Ken Martin <Ken.Martin@...>
I agree, it seems that when trying to engage in complex process it is most effective to focus on the topic at hand.
The “lighter side” was an attempt to demonstrate the difficulty in finding meaningful and/or actionable knowledge from bulleted lists, abbreviations, ½ baked concepts, partial conversations, and a pre-occupation with having many things going in an attempt to be busy. Culturally programmed ADD is an excellent characterization. It is a behavior we must understand consequences of especially in the workplace. Cell phone, social-network, blogs, ear phone are standard equipment in college life now and are translating to the workplace. It’s the streaming-wobble-web-boggy-instant-chatter creating enormous amounts of intra-confusion. J
Yes, to still the chattering mind through diet, exercise, meditation and “other” means is a time honored discipline.
It is amazing that we have created the technology to increase the amount of chatter. I was talking with someone at a conference recently. They were amazed at the number of people using some type of device to “multi-task” during the work sessions. In other words, the companies sent the people to the conference to learn and interact socially. Instead, they conference attendees were participating in other activates with people not at the conference while setting in the work session. Who is benefiting from this type of multi-tasking? (Wow!)

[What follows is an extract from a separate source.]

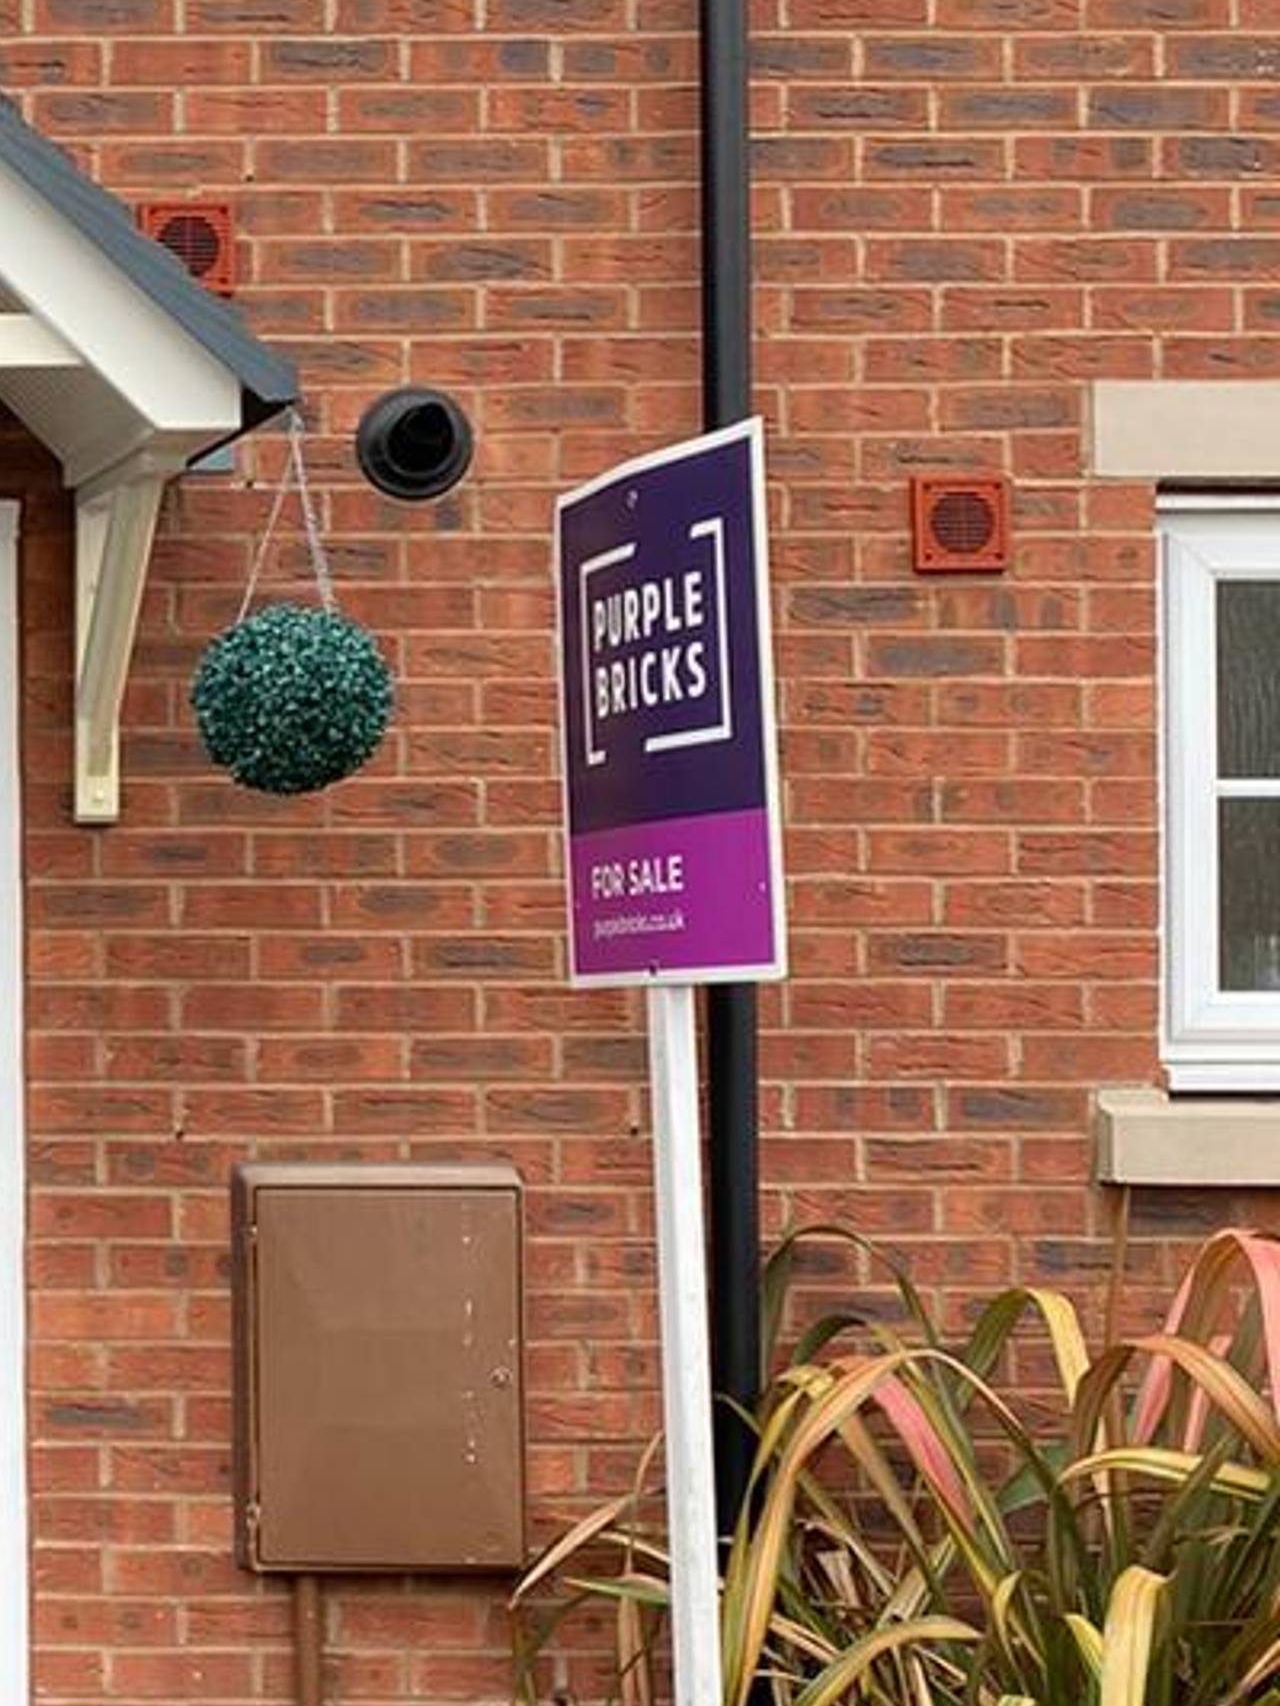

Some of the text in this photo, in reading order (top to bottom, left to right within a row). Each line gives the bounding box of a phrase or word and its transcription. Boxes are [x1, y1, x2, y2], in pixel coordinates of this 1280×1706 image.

[593, 571, 704, 651] PURPLE
[595, 642, 707, 718] BRICKS
[591, 854, 684, 899] FOR SALE

For today, it just seemed that a bit of humor in the face of some many ways to amplify the chatter might be appreciated.
sikmleaders@... [mailto:sikmleaders@...] On Behalf Of Peter Marshall
Martin! :-) Give hugs to the Toronto
gang for me.
On Fri, Jul 4, 2008 at 2:40 PM, Martin@Cleaver.
> There are somethings I can multitask well at, and others I fail dismally
> I can track my state in multiple tasks - e.g. configure software or servers,
> interject into conversations at the right time, no problem. These are all
> tactical, following existing grooves in my mind. Likewise I can brainstorm,
> do expansive tasks.
> When I am formulating something, a plan, or prose, something where I have a
> story to tell, be strategic, condensive, then I must concentrate.
> Words on the radio that get my evaluative mind going seem to block my
> ability to think strategically whilst doing something else.
> Having the TV on while I work is a killer for me. If my mind gets really
> pulled into a story, I'm toast.
> My wife, on the other hand, will ignore the TV if its on. Except that she
> WANTS it on because it helps her not get board with the task at hand.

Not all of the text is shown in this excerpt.